British bank HSBC drew selling for a second consecutive day after several brokers cut their ratings and price targets on the stock following disappointing interim results on Monday.
It dropped 1 percent, taking the most points off the FTSEurofirst 300 and adding to a 4.4 percent decline on Monday in reaction to the results.
Reinsurer Munich Re tumbled 5.8 percent after its second-quarter net profits fell more than forecast.
Logic Investments' strategy head Peter Rice said many investors were selling to book profits on a month-long rally that saw the FTSEurofirst 300 rise 10 percent from a 2013 low of 1,111.11 points reached in late June.

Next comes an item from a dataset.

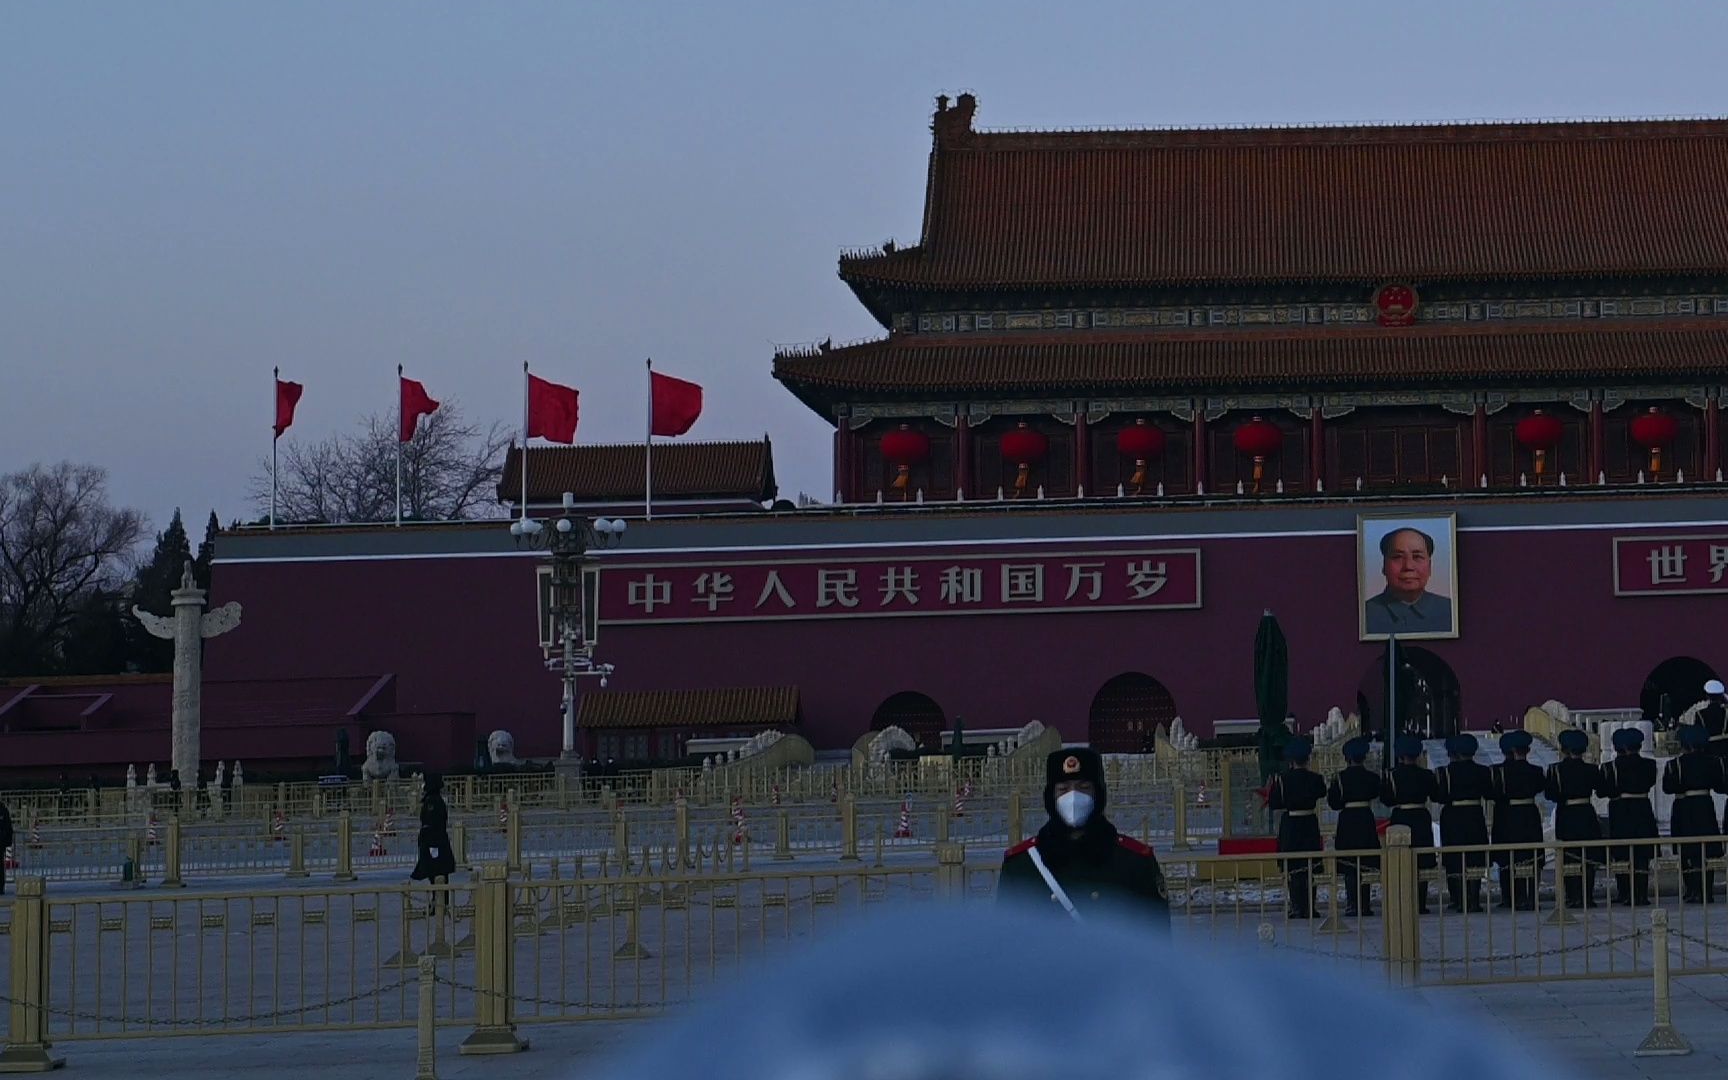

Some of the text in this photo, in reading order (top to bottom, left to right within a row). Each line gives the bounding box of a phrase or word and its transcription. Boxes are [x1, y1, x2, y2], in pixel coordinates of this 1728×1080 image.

[627, 560, 1168, 613] 中华人民共和国万岁

"I think we will see a bit more profit taking coming in in future sessions. We've had a good run up and investors are looking to take money off the table," he said.
Other investors took a more positive view, arguing that European equities would rise towards the end of the year as the European economy continues to show signs of emerging from the blows inflicted by the euro zone's sovereign debt crisis.
Data on Tuesday showed that German industry orders far exceeded forecasts in June, while Italy's economy shrank less than expected in the second quarter.
However, Schroders fund manager and global head of macro Bob Jolly was more cautious, arguing that financial markets would be volatile as investors prepare for an eventual scaling back in stimulus measures from the U.S. Federal Reserve.
"We expect market volatility to remain high in the coming months and have moved to a more cautious stance," said Jolly.